Mobile C-arm Fluoroscopy: The Workhorse of the OR
The mobile C-arm is a fluoroscopic x-ray unit with a C-shaped arm that allows for versatile positioning around the patient and surgical table.
Key Components and Operation:
- X-ray Tube and Image Intensifier: The x-ray tube is located at one end of the C, and the image intensifier (or flat-panel detector) is at the other. The image intensifier is the component that should be positioned as close to the patient as possible to reduce magnification and patient dose.
- Positioning Controls: The C-arm has a wide range of motion, including vertical and horizontal movement, pivoting, and angulation (tilting), allowing for AP, PA, lateral, and oblique projections without moving the patient.
- Monitor Cart: Displays the live and stored fluoroscopic images for the surgeon to view.
Radiation Safety with the C-arm: A Critical Concern
The OR presents significant radiation safety challenges. The source of radiation exposure to staff is scatter from the patient.
- Tube Orientation: The single most important factor in reducing staff dose is the orientation of the C-arm. The x-ray tube should **always be positioned under the patient**, with the image intensifier above. This configuration significantly reduces scatter radiation to the head, neck, and torso of the surgeon and staff standing near the table. Reversing this (tube on top) dramatically increases staff dose.
- Distance: The radiographer should maximize their distance from the patient and tube during exposures.

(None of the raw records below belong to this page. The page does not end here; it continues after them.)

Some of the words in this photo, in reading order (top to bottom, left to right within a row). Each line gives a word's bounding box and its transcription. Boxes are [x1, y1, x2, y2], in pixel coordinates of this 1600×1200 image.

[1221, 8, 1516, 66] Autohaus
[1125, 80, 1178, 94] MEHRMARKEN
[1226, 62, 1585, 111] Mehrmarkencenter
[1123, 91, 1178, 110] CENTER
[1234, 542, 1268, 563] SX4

- Time: Use of the "pulse" mode on the C-arm delivers radiation in short bursts instead of continuously, significantly reducing dose. Last-image-hold features should also be used to reduce "beam-on" time.
- Shielding: All personnel remaining in the OR during fluoroscopy must wear lead aprons. The radiographer is responsible for ensuring this.

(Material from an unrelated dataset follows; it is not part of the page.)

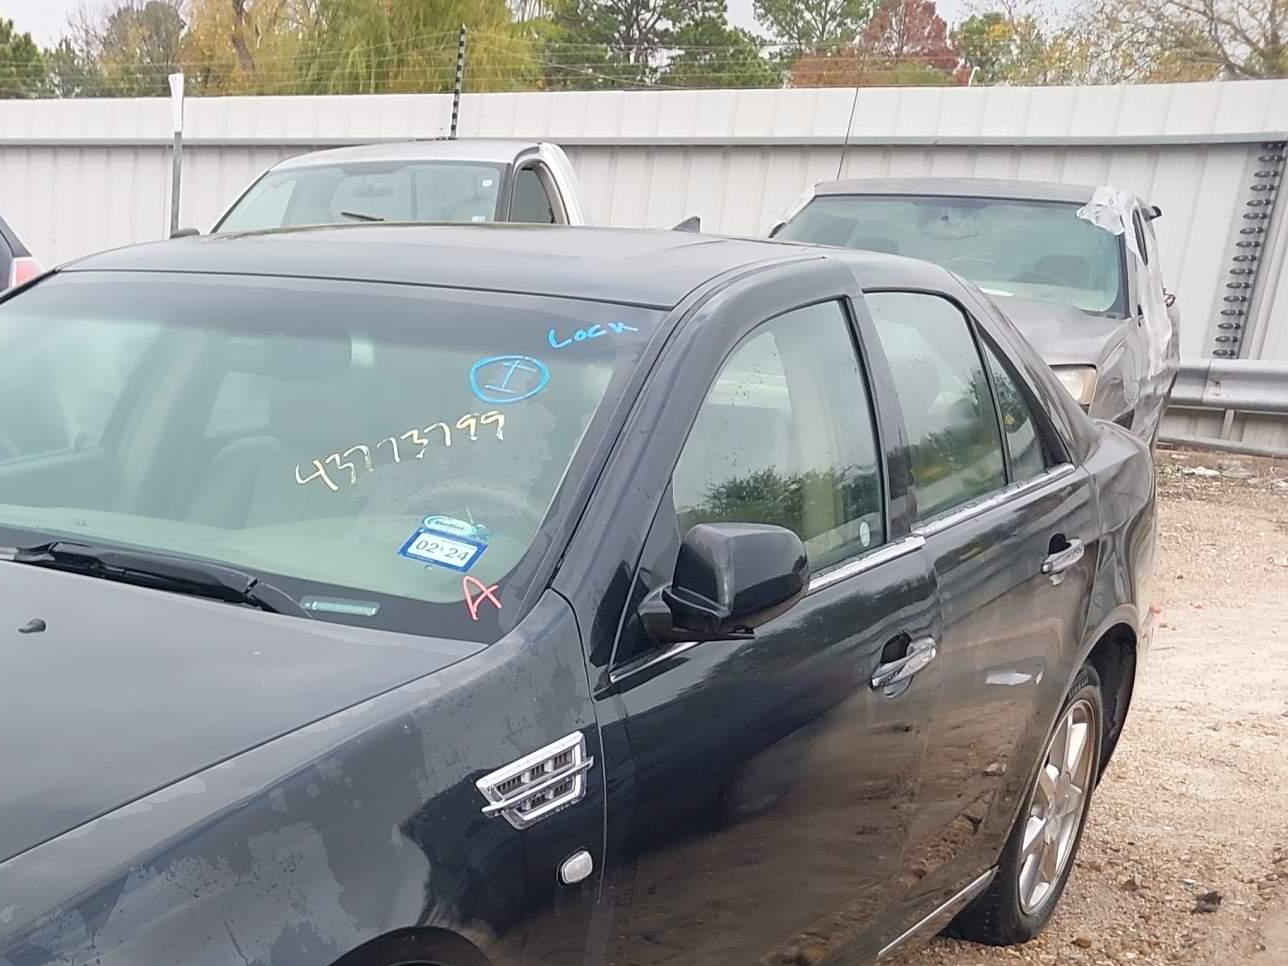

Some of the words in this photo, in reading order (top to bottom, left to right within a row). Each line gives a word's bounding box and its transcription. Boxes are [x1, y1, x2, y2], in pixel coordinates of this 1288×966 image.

[294, 410, 505, 492] 43773799
[444, 547, 470, 562] 24
[462, 575, 503, 621] A

Common Surgical Procedures Requiring Radiography
Operative Cholangiography
- Purpose: Performed during a cholecystectomy (gallbladder removal) to visualize the biliary ducts and check for any residual gallstones after the gallbladder has been removed.

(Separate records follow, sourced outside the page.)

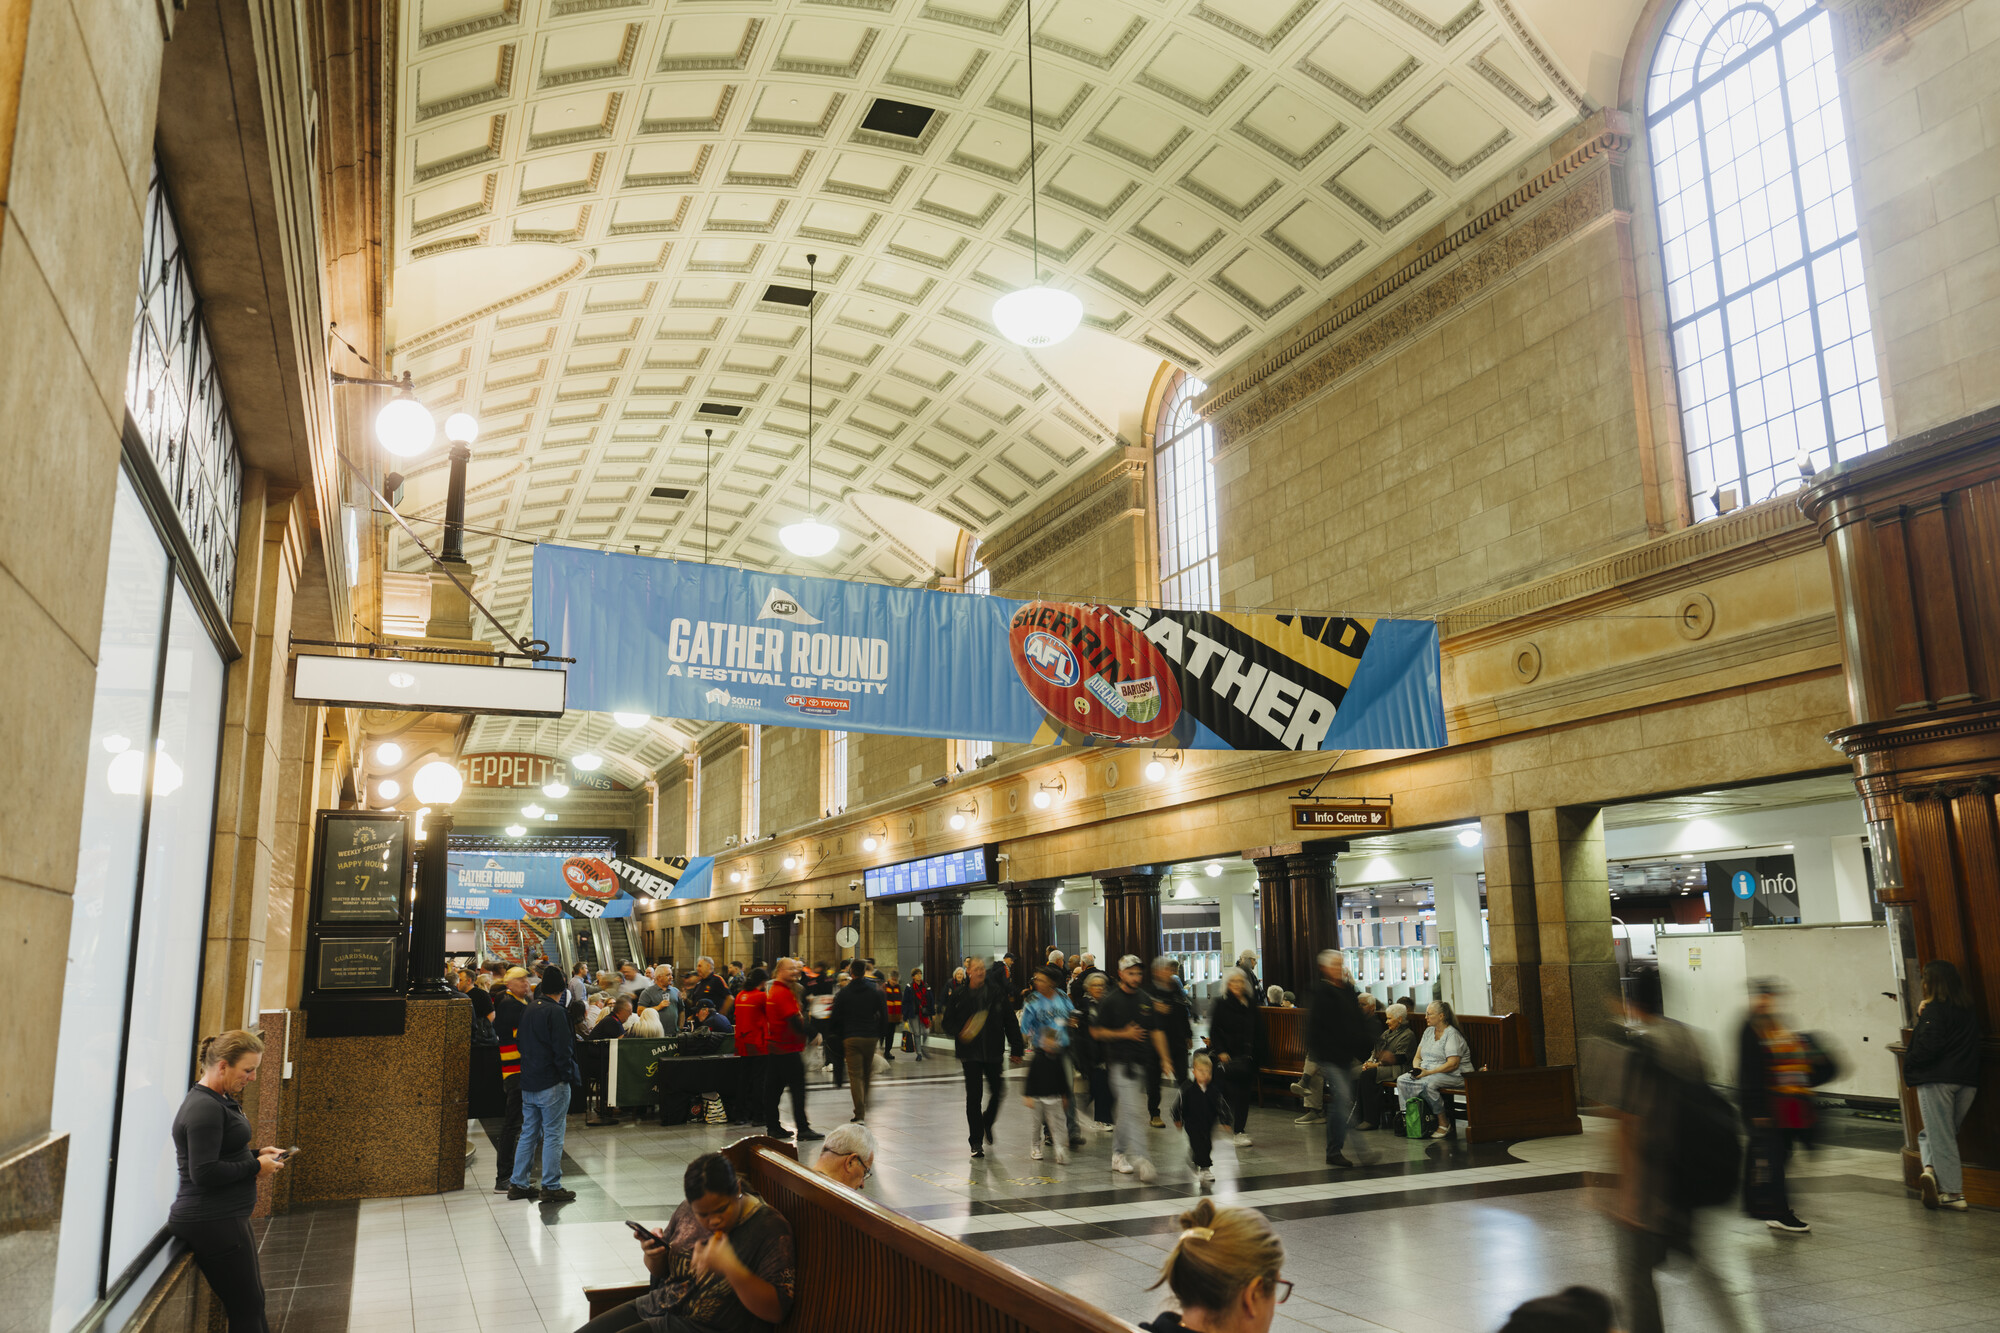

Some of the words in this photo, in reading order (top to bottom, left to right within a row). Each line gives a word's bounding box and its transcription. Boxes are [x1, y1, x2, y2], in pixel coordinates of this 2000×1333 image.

[773, 603, 797, 613] AFL
[667, 617, 785, 673] GATHER
[790, 630, 889, 681] ROUND
[1026, 637, 1072, 685] AFL
[666, 664, 682, 677] A
[687, 666, 786, 687] FESTIVAL
[790, 676, 818, 689] OF
[821, 678, 888, 695] FOOTY
[1087, 675, 1127, 715] ADELAIDE
[1120, 681, 1155, 698] BAROSSA
[731, 696, 761, 707] SOUTH
[785, 695, 806, 705] AFL
[820, 700, 848, 709] TOYOTA
[574, 770, 611, 790] WINES
[1314, 812, 1334, 823] Info
[1336, 812, 1368, 823] Centre
[337, 848, 362, 857] WEEKLY
[362, 842, 391, 853] SPECIALS
[337, 860, 363, 870] HAPPY
[354, 874, 370, 891] $7
[458, 869, 493, 884] GATHER
[493, 870, 525, 884] ROUND
[1760, 872, 1796, 895] info
[334, 953, 379, 963] GUARDSMAN
[651, 1045, 667, 1056] BAR

- Procedure: The surgeon places a small catheter directly into the common bile duct. A small amount of water-soluble iodinated contrast is injected by the surgeon.
- Radiographer's Role: The radiographer positions a C-arm or a mobile x-ray unit to take an AP or slight RPO projection of the right upper quadrant to visualize the opacified ductal system.
Orthopedic Procedures: Open Reduction Internal Fixation (ORIF)
- Purpose: ORIF is a surgical procedure to fix a severe bone fracture. "Open reduction" means the surgeon makes an incision to re-align the bone manually. "Internal fixation" means the bone fragments are held together with hardware like plates, screws, rods, or pins.
- Radiographer's Role: The C-arm is used extensively throughout the procedure. The radiographer provides real-time AP and lateral images to guide the surgeon in:
- Confirming the initial fracture alignment.
- Guiding the placement of hardware (e.g., ensuring screws are the correct length and do not enter a joint space).
- Verifying the final reduction and hardware placement before the incision is closed.
Retrograde Pyelography
- Purpose: A non-functional study of the urinary system, typically performed to visualize the pelvicaliceal system and ureters to locate an obstruction (like a stone).
- Procedure: A urologist uses a cystoscope to look inside the bladder and passes a small catheter up a ureter. Contrast is injected directly into the renal pelvis.
- Radiographer's Role: To provide AP images (KUBs) as the contrast is injected, demonstrating the outline of the collecting system.
Spinal Surgery
- Purpose: C-arm guidance is essential for procedures like spinal fusion, laminectomy, and kyphoplasty.
- Radiographer's Role: The radiographer provides frequent AP and lateral images to help the surgeon identify the correct vertebral level, guide the placement of pedicle screws and other hardware, and confirm the final alignment. Precision and clear communication are paramount in these cases.